Line by line, copy out the data that follows.
----
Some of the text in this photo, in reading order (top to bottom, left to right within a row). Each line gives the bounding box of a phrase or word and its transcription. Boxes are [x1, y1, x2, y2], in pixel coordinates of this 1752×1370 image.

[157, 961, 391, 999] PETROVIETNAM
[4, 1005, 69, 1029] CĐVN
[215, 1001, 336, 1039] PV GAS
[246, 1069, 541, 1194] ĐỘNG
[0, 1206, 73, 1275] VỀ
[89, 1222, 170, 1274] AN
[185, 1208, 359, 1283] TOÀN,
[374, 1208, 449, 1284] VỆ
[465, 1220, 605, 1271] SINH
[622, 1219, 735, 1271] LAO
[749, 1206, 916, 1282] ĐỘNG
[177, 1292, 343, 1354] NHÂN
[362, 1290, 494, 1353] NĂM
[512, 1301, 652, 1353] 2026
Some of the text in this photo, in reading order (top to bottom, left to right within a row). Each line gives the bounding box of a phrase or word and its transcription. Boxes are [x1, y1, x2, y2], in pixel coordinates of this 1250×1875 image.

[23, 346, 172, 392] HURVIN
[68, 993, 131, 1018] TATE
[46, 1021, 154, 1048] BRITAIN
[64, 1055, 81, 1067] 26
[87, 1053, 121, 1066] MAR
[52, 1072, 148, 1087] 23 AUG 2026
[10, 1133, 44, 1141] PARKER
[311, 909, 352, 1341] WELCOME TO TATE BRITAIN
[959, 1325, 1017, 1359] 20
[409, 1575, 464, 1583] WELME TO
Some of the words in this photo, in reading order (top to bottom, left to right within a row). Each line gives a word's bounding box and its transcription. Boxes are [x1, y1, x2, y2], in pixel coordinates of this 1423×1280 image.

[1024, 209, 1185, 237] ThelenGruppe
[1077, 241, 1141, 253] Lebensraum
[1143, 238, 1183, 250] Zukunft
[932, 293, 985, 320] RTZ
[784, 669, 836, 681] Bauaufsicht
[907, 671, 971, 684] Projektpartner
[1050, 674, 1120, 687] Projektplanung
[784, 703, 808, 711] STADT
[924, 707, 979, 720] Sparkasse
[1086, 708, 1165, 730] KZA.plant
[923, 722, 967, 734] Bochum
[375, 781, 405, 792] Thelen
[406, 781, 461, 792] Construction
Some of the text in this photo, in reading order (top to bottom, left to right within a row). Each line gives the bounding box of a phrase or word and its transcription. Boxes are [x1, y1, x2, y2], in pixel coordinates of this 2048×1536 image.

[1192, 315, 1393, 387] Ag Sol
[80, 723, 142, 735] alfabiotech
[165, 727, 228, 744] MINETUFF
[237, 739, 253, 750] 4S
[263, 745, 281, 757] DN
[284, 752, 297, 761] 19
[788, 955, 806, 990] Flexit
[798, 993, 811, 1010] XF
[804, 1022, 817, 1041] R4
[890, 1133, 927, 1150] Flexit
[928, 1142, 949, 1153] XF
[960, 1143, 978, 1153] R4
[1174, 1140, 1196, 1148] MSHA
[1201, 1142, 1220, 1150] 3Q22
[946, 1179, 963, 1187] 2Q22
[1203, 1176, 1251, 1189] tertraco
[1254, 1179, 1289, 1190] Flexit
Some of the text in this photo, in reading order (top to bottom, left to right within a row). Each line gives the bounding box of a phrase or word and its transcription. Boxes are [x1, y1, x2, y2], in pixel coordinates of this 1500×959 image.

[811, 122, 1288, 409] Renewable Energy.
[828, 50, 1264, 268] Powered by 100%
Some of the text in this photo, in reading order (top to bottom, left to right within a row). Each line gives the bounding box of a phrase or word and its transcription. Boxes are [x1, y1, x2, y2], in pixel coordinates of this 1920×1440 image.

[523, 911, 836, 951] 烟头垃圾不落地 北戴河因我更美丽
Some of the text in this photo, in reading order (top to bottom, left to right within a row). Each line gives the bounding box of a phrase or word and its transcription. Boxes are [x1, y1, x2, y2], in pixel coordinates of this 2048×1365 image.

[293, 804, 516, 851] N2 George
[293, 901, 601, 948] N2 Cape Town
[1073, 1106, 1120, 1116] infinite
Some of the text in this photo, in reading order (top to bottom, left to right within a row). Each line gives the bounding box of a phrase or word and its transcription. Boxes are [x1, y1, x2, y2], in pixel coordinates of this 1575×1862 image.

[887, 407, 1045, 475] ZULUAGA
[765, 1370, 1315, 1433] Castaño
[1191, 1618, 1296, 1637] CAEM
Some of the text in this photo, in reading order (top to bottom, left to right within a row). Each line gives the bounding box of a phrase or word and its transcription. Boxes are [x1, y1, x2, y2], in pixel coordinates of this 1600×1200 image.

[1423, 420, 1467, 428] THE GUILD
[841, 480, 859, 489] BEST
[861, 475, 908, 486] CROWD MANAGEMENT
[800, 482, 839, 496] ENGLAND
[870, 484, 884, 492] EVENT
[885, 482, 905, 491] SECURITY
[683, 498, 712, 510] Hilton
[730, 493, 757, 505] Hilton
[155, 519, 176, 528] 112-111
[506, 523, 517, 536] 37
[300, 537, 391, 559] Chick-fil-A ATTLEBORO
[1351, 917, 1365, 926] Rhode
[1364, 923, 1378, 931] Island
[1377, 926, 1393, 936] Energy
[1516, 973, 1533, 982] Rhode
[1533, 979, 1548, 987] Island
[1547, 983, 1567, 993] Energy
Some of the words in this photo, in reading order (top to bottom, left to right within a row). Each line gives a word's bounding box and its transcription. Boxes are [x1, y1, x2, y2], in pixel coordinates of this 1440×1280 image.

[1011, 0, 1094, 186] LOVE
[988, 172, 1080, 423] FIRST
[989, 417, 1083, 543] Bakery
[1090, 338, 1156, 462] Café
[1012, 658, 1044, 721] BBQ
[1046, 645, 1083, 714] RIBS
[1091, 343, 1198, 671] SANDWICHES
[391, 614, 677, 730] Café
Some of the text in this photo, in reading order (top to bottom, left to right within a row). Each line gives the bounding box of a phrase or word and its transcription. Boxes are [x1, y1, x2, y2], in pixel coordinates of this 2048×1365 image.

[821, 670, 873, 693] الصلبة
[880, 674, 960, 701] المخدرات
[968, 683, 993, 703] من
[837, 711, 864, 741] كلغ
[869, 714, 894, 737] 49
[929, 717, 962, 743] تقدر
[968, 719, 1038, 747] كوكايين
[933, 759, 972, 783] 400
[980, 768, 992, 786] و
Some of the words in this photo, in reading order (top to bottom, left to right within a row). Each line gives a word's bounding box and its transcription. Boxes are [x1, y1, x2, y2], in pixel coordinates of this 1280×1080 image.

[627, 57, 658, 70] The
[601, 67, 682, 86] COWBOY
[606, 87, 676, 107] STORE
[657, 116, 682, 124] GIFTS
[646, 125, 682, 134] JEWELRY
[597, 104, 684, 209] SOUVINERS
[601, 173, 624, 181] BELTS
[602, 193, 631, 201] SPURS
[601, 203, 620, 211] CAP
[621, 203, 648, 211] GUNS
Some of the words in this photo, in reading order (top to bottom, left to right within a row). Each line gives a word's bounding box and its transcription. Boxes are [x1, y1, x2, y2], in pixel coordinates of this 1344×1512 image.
----
EXERCISE RESPONSE>
Some of the text in this photo, in reading order (top to bottom, left to right within a row). Each line gives the bounding box of a phrase or word and its transcription. Boxes are [x1, y1, x2, y2], in pixel coordinates of this 1752×1370 image.

[157, 961, 391, 999] PETROVIETNAM
[4, 1005, 69, 1029] CĐVN
[215, 1001, 336, 1039] PV GAS
[246, 1069, 541, 1194] ĐỘNG
[0, 1206, 73, 1275] VỀ
[89, 1222, 170, 1274] AN
[185, 1208, 359, 1283] TOÀN,
[374, 1208, 449, 1284] VỆ
[465, 1220, 605, 1271] SINH
[622, 1219, 735, 1271] LAO
[749, 1206, 916, 1282] ĐỘNG
[177, 1292, 343, 1354] NHÂN
[362, 1290, 494, 1353] NĂM
[512, 1301, 652, 1353] 2026
Some of the text in this photo, in reading order (top to bottom, left to right within a row). Each line gives the bounding box of a phrase or word and its transcription. Boxes are [x1, y1, x2, y2], in pixel coordinates of this 1250×1875 image.

[23, 346, 172, 392] HURVIN
[68, 993, 131, 1018] TATE
[46, 1021, 154, 1048] BRITAIN
[64, 1055, 81, 1067] 26
[87, 1053, 121, 1066] MAR
[52, 1072, 148, 1087] 23 AUG 2026
[10, 1133, 44, 1141] PARKER
[311, 909, 352, 1341] WELCOME TO TATE BRITAIN
[959, 1325, 1017, 1359] 20
[409, 1575, 464, 1583] WELME TO
Some of the words in this photo, in reading order (top to bottom, left to right within a row). Each line gives a word's bounding box and its transcription. Boxes are [x1, y1, x2, y2], in pixel coordinates of this 1423×1280 image.

[1024, 209, 1185, 237] ThelenGruppe
[1077, 241, 1141, 253] Lebensraum
[1143, 238, 1183, 250] Zukunft
[932, 293, 985, 320] RTZ
[784, 669, 836, 681] Bauaufsicht
[907, 671, 971, 684] Projektpartner
[1050, 674, 1120, 687] Projektplanung
[784, 703, 808, 711] STADT
[924, 707, 979, 720] Sparkasse
[1086, 708, 1165, 730] KZA.plant
[923, 722, 967, 734] Bochum
[375, 781, 405, 792] Thelen
[406, 781, 461, 792] Construction
Some of the text in this photo, in reading order (top to bottom, left to right within a row). Each line gives the bounding box of a phrase or word and its transcription. Boxes are [x1, y1, x2, y2], in pixel coordinates of this 2048×1536 image.

[1192, 315, 1393, 387] Ag Sol
[80, 723, 142, 735] alfabiotech
[165, 727, 228, 744] MINETUFF
[237, 739, 253, 750] 4S
[263, 745, 281, 757] DN
[284, 752, 297, 761] 19
[788, 955, 806, 990] Flexit
[798, 993, 811, 1010] XF
[804, 1022, 817, 1041] R4
[890, 1133, 927, 1150] Flexit
[928, 1142, 949, 1153] XF
[960, 1143, 978, 1153] R4
[1174, 1140, 1196, 1148] MSHA
[1201, 1142, 1220, 1150] 3Q22
[946, 1179, 963, 1187] 2Q22
[1203, 1176, 1251, 1189] tertraco
[1254, 1179, 1289, 1190] Flexit
Some of the text in this photo, in reading order (top to bottom, left to right within a row). Each line gives the bounding box of a phrase or word and its transcription. Boxes are [x1, y1, x2, y2], in pixel coordinates of this 1500×959 image.

[811, 122, 1288, 409] Renewable Energy.
[828, 50, 1264, 268] Powered by 100%
Some of the text in this photo, in reading order (top to bottom, left to right within a row). Each line gives the bounding box of a phrase or word and its transcription. Boxes are [x1, y1, x2, y2], in pixel coordinates of this 1920×1440 image.

[523, 911, 836, 951] 烟头垃圾不落地 北戴河因我更美丽
Some of the text in this photo, in reading order (top to bottom, left to right within a row). Each line gives the bounding box of a phrase or word and its transcription. Boxes are [x1, y1, x2, y2], in pixel coordinates of this 2048×1365 image.

[293, 804, 516, 851] N2 George
[293, 901, 601, 948] N2 Cape Town
[1073, 1106, 1120, 1116] infinite
Some of the text in this photo, in reading order (top to bottom, left to right within a row). Each line gives the bounding box of a phrase or word and its transcription. Boxes are [x1, y1, x2, y2], in pixel coordinates of this 1575×1862 image.

[887, 407, 1045, 475] ZULUAGA
[765, 1370, 1315, 1433] Castaño
[1191, 1618, 1296, 1637] CAEM
Some of the text in this photo, in reading order (top to bottom, left to right within a row). Each line gives the bounding box of a phrase or word and its transcription. Boxes are [x1, y1, x2, y2], in pixel coordinates of this 1600×1200 image.

[1423, 420, 1467, 428] THE GUILD
[841, 480, 859, 489] BEST
[861, 475, 908, 486] CROWD MANAGEMENT
[800, 482, 839, 496] ENGLAND
[870, 484, 884, 492] EVENT
[885, 482, 905, 491] SECURITY
[683, 498, 712, 510] Hilton
[730, 493, 757, 505] Hilton
[155, 519, 176, 528] 112-111
[506, 523, 517, 536] 37
[300, 537, 391, 559] Chick-fil-A ATTLEBORO
[1351, 917, 1365, 926] Rhode
[1364, 923, 1378, 931] Island
[1377, 926, 1393, 936] Energy
[1516, 973, 1533, 982] Rhode
[1533, 979, 1548, 987] Island
[1547, 983, 1567, 993] Energy
Some of the words in this photo, in reading order (top to bottom, left to right within a row). Each line gives a word's bounding box and its transcription. Boxes are [x1, y1, x2, y2], in pixel coordinates of this 1440×1280 image.

[1011, 0, 1094, 186] LOVE
[988, 172, 1080, 423] FIRST
[989, 417, 1083, 543] Bakery
[1090, 338, 1156, 462] Café
[1012, 658, 1044, 721] BBQ
[1046, 645, 1083, 714] RIBS
[1091, 343, 1198, 671] SANDWICHES
[391, 614, 677, 730] Café
Some of the text in this photo, in reading order (top to bottom, left to right within a row). Each line gives the bounding box of a phrase or word and its transcription. Boxes are [x1, y1, x2, y2], in pixel coordinates of this 2048×1365 image.

[821, 670, 873, 693] الصلبة
[880, 674, 960, 701] المخدرات
[968, 683, 993, 703] من
[837, 711, 864, 741] كلغ
[869, 714, 894, 737] 49
[929, 717, 962, 743] تقدر
[968, 719, 1038, 747] كوكايين
[933, 759, 972, 783] 400
[980, 768, 992, 786] و
Some of the words in this photo, in reading order (top to bottom, left to right within a row). Each line gives a word's bounding box and its transcription. Boxes are [x1, y1, x2, y2], in pixel coordinates of this 1280×1080 image.

[627, 57, 658, 70] The
[601, 67, 682, 86] COWBOY
[606, 87, 676, 107] STORE
[657, 116, 682, 124] GIFTS
[646, 125, 682, 134] JEWELRY
[597, 104, 684, 209] SOUVINERS
[601, 173, 624, 181] BELTS
[602, 193, 631, 201] SPURS
[601, 203, 620, 211] CAP
[621, 203, 648, 211] GUNS
Some of the words in this photo, in reading order (top to bottom, left to right within a row). Each line gives a word's bounding box and its transcription. Boxes are [x1, y1, x2, y2], in pixel coordinates of this 1344×1512 image.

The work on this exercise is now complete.